La femme avait trouvé ce lieu par hasard lors des deux jours qu'elle avait passés à errer dans les tunnels. Ce point d'eau lui semblait être un coin de paradis, pour elle qui craignait le soleil violent de Faror. Sa peau était trop blanche pour résister aux brûlures des rayons.
Elle éteignit la torche et la posa par terre avant de se déshabiller. Le sable dans ses cheveux commençait à la démanger de manière insupportable. Lorsque son sarouel et son court haut noir furent posés au sec sur un rocher exposé au soleil, elle plongea dans le bassin naturel assez large pour accueillir six autres individus. Mais personne, visiblement, ne connaissait cet endroit et cela convenait à l'héritière de Thorov.
Avec soin, Sighild lava ses cheveux et les débarrassa des grains de sable. Elle n'aimait pas avoir la tête mouillée, sa chevelure devenait alors lourde et encombrante. Mais elle préférait encore ça à l'irritation du sablon.
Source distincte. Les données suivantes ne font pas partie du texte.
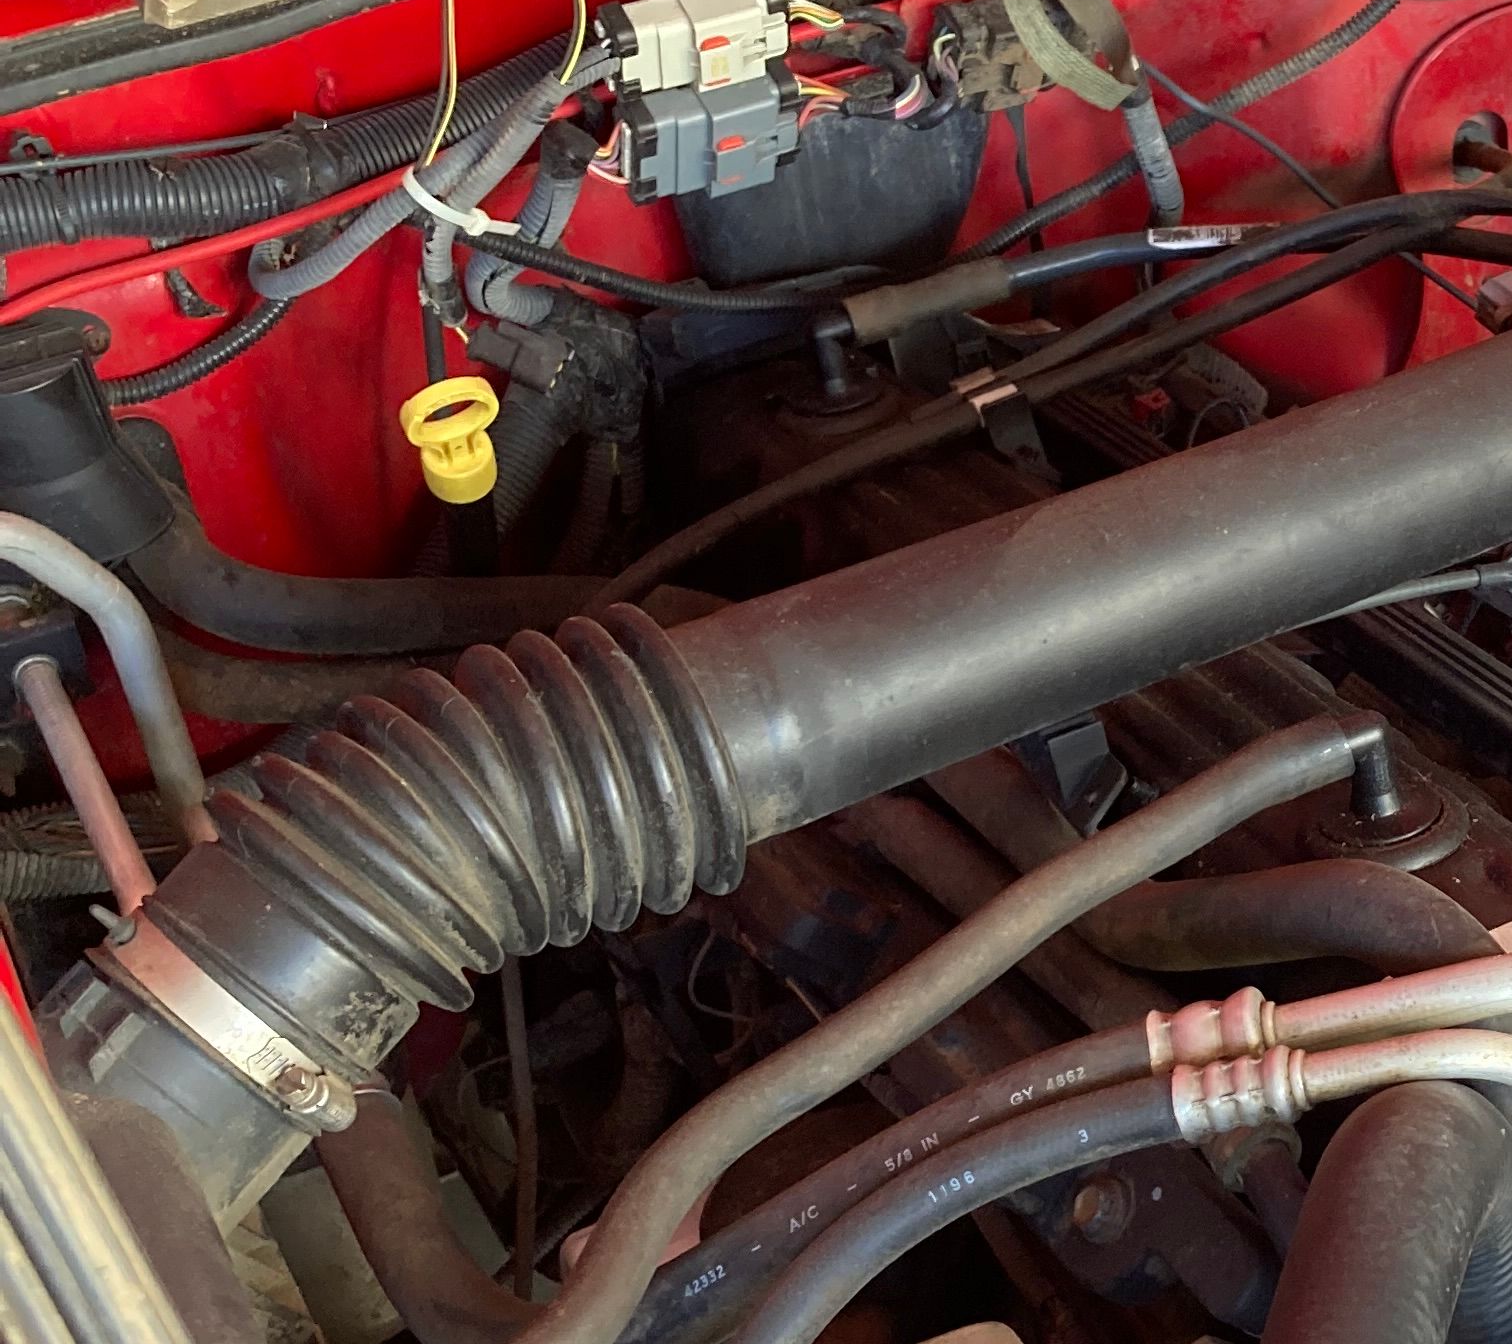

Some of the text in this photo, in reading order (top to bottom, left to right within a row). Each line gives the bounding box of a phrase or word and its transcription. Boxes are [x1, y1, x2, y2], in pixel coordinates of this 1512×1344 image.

Tout en faisant sa toilette, elle songea à Signe. La panthère lui manquait énormément et c'était bien à contrecœur qu'elle l'avait envoyée avec le frère d'Eivind. Depuis qu'elle avait repris connaissance après la trahison de Vilfird, l'once et elles s'étaient beaucoup rapprochées. L'irbis avait décidé de rester avec la fille d'Halfan encore un long moment, consciente qu'être proche d'un humain avaient quelques avantages, comme celui de manger à sa faim.
Sighild aimait les animaux. Ils n'attendaient rien d'elle et étaient incapables de la juger. C'était tout naturellement que Signe était devenue sa meilleure amie. Sa seule amie. Elle n'avait jamais eu honte de lui parler des sentiments qu'elle éprouvait pour Eivind. L'once l'avait simplement écoutée de longues heures avant de conclure par une seule phrase : « J'aime qu'on me gratte derrière les oreilles ». En constatant Signe si détachée du monde et si éloignée des doutes humains, Sighild en était arrivée à trouver ses problèmes et ses hésitations stupides. C'était à cet instant qu'elle avait pris la décision de retrouver Eivind et de lui avouer ses sentiments.
Mais en arrivant ici, en le voyant entouré de gens qu'elle ne connaissait pas, elle avait perdu pied comme elle l'avait fait lorsqu'Elfi s'était immiscée entre eux. D'une certaine manière, elle en voulait au pisteur de se débrouiller sans elle, de ne pas avoir besoin de sa présence. Alors quand il lui avait dit qu'elle n'était personne ici, elle avait craqué. Ces quelques mots hantaient toujours son esprit.
La jeune femme soupira.
La situation s'était compliquée mais elle était bien décidée à ne pas abandonner. Jamais personne ne lui avait résisté. Eivind ne serait pas l'exception.